Likes the engineering/construction space quite a bit. Favours it in his core portfolio. High quality, better Sharpe ratio of less volatility, high returns. Consistent over time, rather than short-term price movements. Setting up to be a leader in the space on the environmental front.
Excellent company for long term shareholders.
Demand for engineering and design increasing.
Not exposed to construction side of business.
Growth through M&A going well.
Organic growth also increasing steadily.
US Federal stimulus packages good for business (infrastructure spending).
Disciplined on capital allocation and potential acquisitions.
Hold on. World leader. Will continue to grow organically or by acquisition for years. Not cheap, but good businesses. Massive infrastructure spend globally.
STN is a good investment in the sector. WSP management track record was better, so she chose it and doesn't need two names. Both are well-positioned in the right verticals.
Likes its positioning. Very nice acquisitions. Transportation infrastructure has good growth potential, especially yin US. Moving into environmental space, which should grow. Wide geographical presence, with Canada only 18% of revenue. Relatively strong balance sheet. Organic growth still attractive. Didn't raise guidance, but management feels backlog can support growth targets.
Great business. Stable. Continues to find assets to acquire and diversify its business. Likes its focus on the environment. Bottom line is expected to grow 20% this year.
One of the better, if not the best, managed in the group. If you own it for the long term, hold on. Add on any setbacks. He'd seriously consider a position if price was 10-15% less. Company's doing well.
Still likes it. Not in the construction side, but infrastructure. Very global with under 20% revenues in Canada. They grow organically + M&A. They've increased their presence in environmental and infrastructure which boast good growth ahead. Customers are half private, half public. The latter pledge infra spending. Are disciplined buyers, willing to walk away from a weak deal.

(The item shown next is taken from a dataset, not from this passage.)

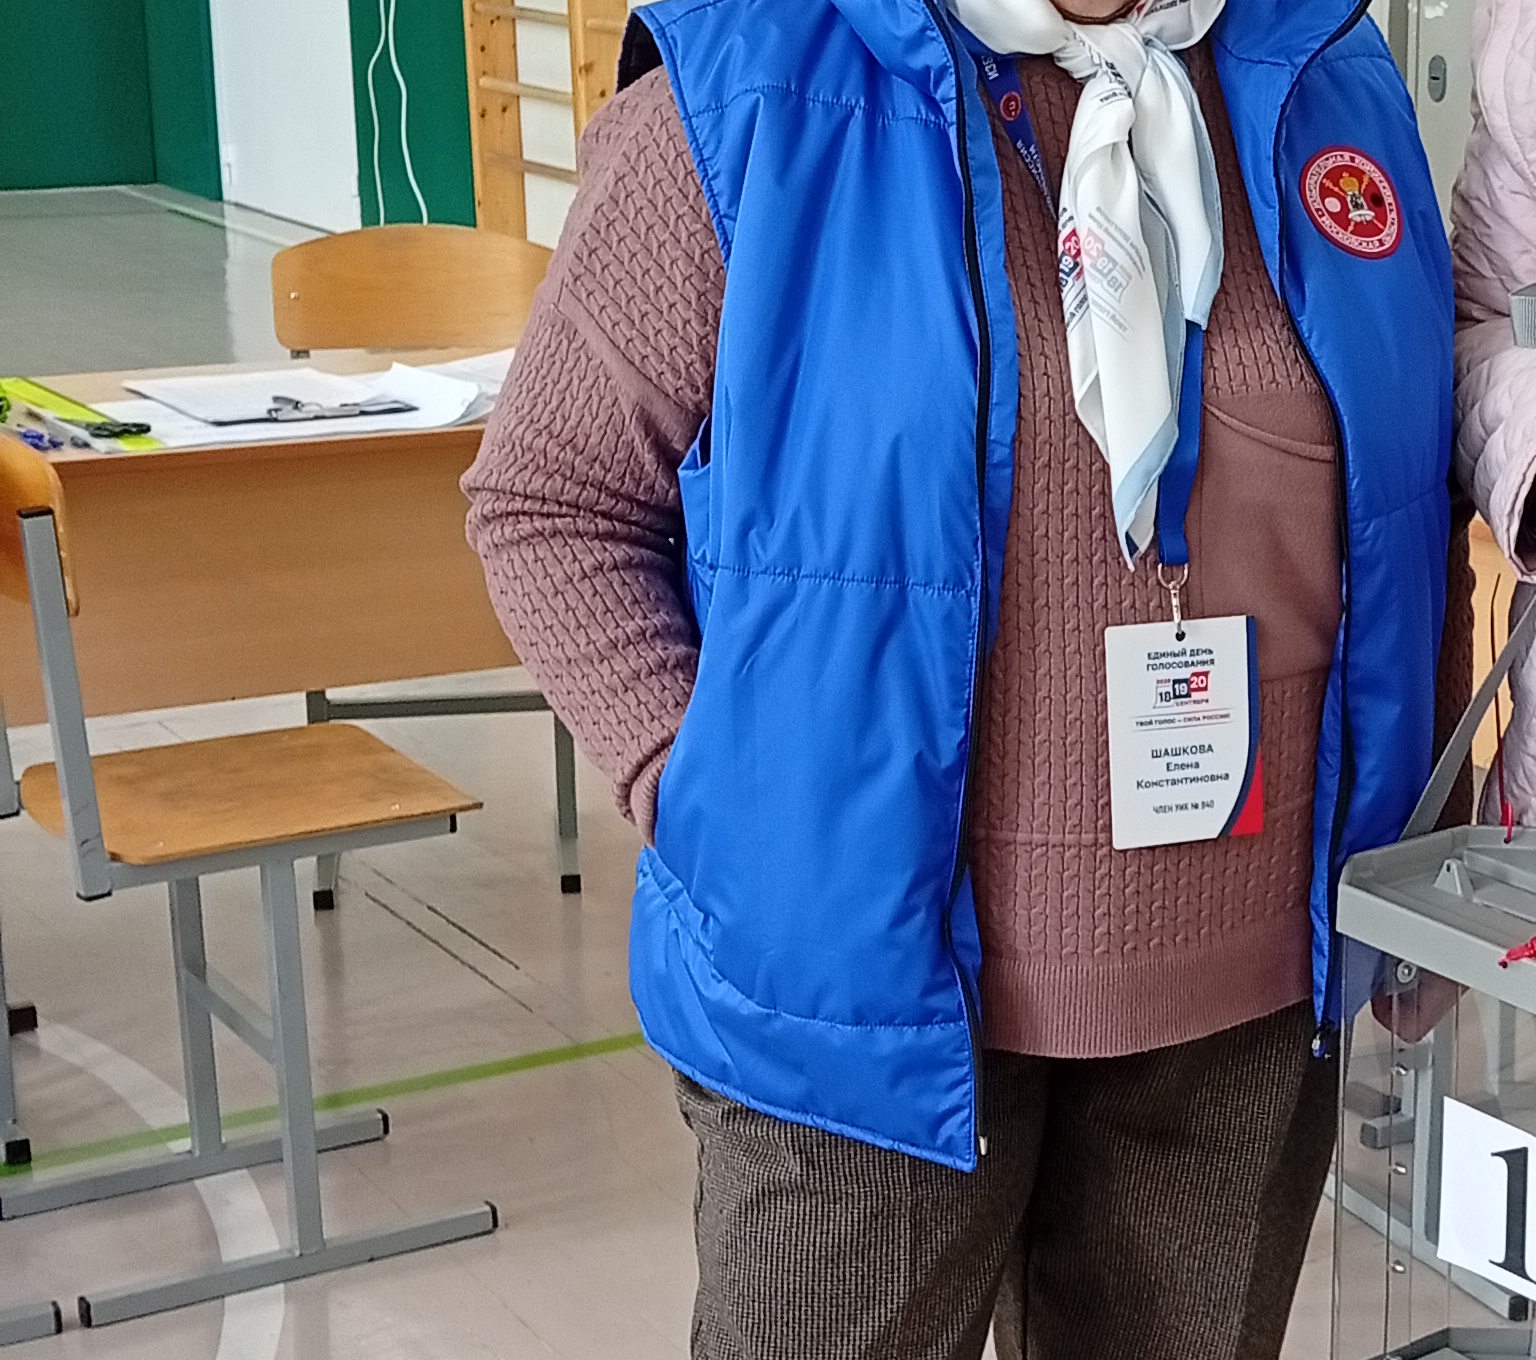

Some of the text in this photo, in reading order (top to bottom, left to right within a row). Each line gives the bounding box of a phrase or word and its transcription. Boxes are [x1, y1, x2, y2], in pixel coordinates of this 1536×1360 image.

$8.8 billion in debt but shareholder equity is $6 billion, so there is not a lot of debt. He models $113.35. Hold this in a recession or bear market, but buy this below $134.
Really strong chart, up and to the right. Seeing a series of higher lows and higher highs. Poised to test recent highs and break out to new all-time highs, which is really, really positive. Definitely would be adding exposure.
Over the last 10 years, price has one trajectory but the FMV has another. It's the "jaws of death". Trading well above FMV, plus it's expensive, probably means we're going to get a setback in the stock.
Has owned this for years. A play on the infrastructure build. Very well managed. A huge global infrastructure consulting firm. Shares are a little high, but he isn't selling or adding more.
WSP Global Inc. is a Canadian stock, trading under the symbol WSP-T on the Toronto Stock Exchange (WSP-CT). It is usually referred to as TSX:WSP or WSP-T
In the last year, 16 stock analysts published opinions about WSP-T. 12 analysts recommended to BUY the stock. 1 analyst recommended to SELL the stock. The latest stock analyst recommendation is . Read the latest stock experts' ratings for WSP Global Inc..
WSP Global Inc. was recommended as a Top Pick by on . Read the latest stock experts ratings for WSP Global Inc..
Earnings reports or recent company news can cause the stock price to drop. Read stock experts’ recommendations for help on deciding if you should buy, sell or hold the stock.
16 stock analysts on Stockchase covered WSP Global Inc. In the last year. It is a trending stock that is worth watching.
On 2023-10-02, WSP Global Inc. (WSP-T) stock closed at a price of $187.93.
Purely engineering design and services, without construction exposure. Good track record of acquiring and integrating. Well positioned in vertical markets that she likes. Likes the engineering space, especially with the US Inflation Reduction Act.